Kandil Emad, Noureldine Salem I, Saggi Bob, Buell Joseph F
Department of Surgery, Tulane University School of Medicine, New Orleans, LA, USA.
JSLS. 2013 Jan-Mar;17(1):56-62. doi: 10.4293/108680812X13517013317671.
Robotic-assisted surgery offers a solution to fundamental limitations of conventional laparoscopic surgery, and its use is gaining wide popularity. However, the application of this technology has yet to be established in hepatic surgery.
A retrospective analysis of our prospectively collected liver surgery database was performed. Over a 6-month period, all consecutive patients who underwent robotic-assisted hepatic resection for a liver neoplasm were included. Demographics, operative time, and morbidity encountered were evaluated.
A total of 7 robotic-assisted liver resections were performed, including 2 robotic-assisted single-port access liver resections with the da Vinci-Si Surgical System (Intuitive Surgical Sunnyvalle, Calif.) USA. The mean age was 44.6 years (range, 21-68 years); there were 5 male and 2 female patients. The mean operative time (± SD) was 61.4 ± 26.7 minutes; the mean operative console time (± SD) was 38.2 ± 23 minutes. No conversions were required. The mean blood loss was 100.7 mL (range, 10-200 mL). The mean hospital stay (± SD) was 2 ± 0.4 days. No postoperative morbidity related to the procedure or death was encountered.

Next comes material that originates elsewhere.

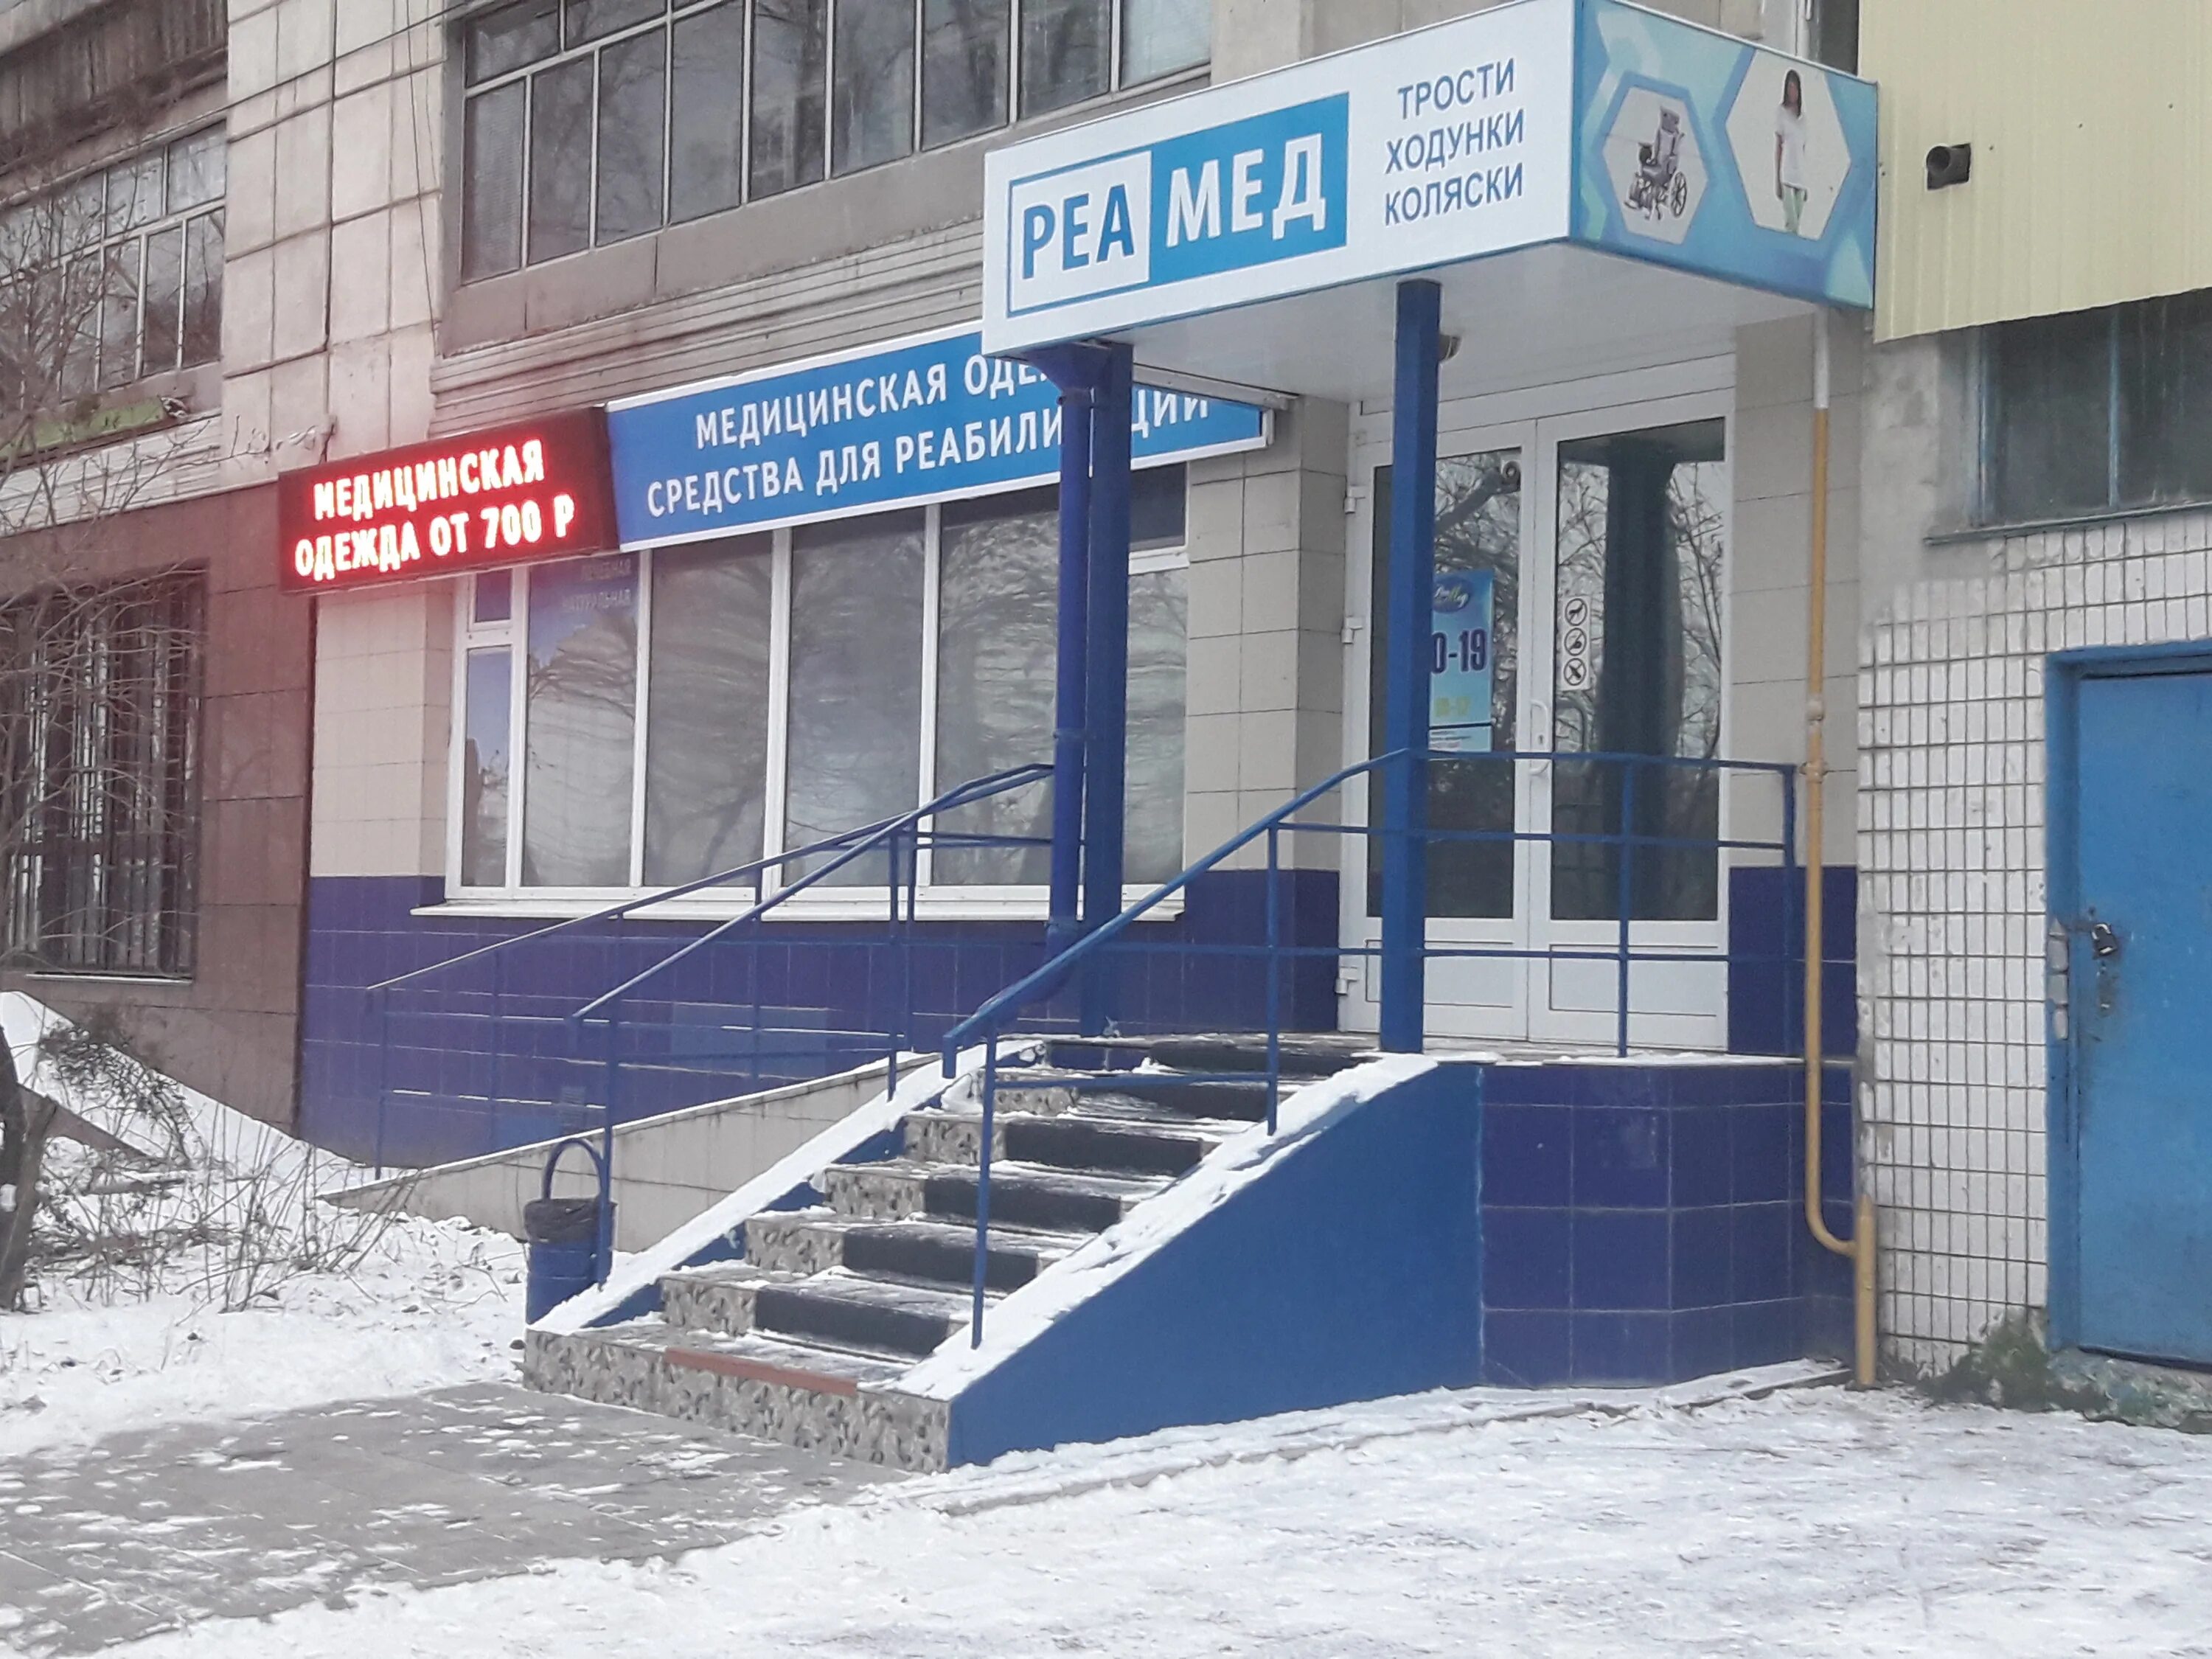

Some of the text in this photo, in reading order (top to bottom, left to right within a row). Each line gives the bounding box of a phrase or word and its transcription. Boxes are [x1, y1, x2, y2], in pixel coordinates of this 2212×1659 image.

Our initial experience with robotic liver resection confirms that this technique is both feasible and safe. Robotic-assisted technology appears to improve the precision and ergonomics of single-access surgery while preserving the known benefits of laparoscopic surgery, including cosmesis, minimal morbidity, and faster recovery.
机器人辅助手术为传统腹腔镜手术的根本局限性提供了解决方案,且其应用正日益普及。然而,该技术在肝脏手术中的应用尚未确立。
对前瞻性收集的肝脏手术数据库进行回顾性分析。在6个月期间,纳入所有连续接受机器人辅助肝肿瘤切除术的患者。评估患者的人口统计学资料、手术时间和所遇到的并发症。
共进行了7例机器人辅助肝切除术,其中包括2例使用美国达芬奇Si手术系统(直观外科公司,加利福尼亚州森尼韦尔市)的机器人辅助单孔入路肝切除术。平均年龄为44.6岁(范围21 - 68岁);男性5例,女性2例。平均手术时间(±标准差)为61.4 ± 26.7分钟;平均手术控制台时间(±标准差)为38.2 ± 23分钟。无需中转手术。平均失血量为100.7 mL(范围10 - 200 mL)。平均住院时间(±标准差)为2 ± 0.4天。未遇到与手术相关的术后并发症或死亡。
我们机器人肝切除的初步经验证实该技术既可行又安全。机器人辅助技术似乎提高了单孔入路手术的精确性和人体工程学性能,同时保留了腹腔镜手术的已知优势,包括美容效果、最小化并发症和更快恢复。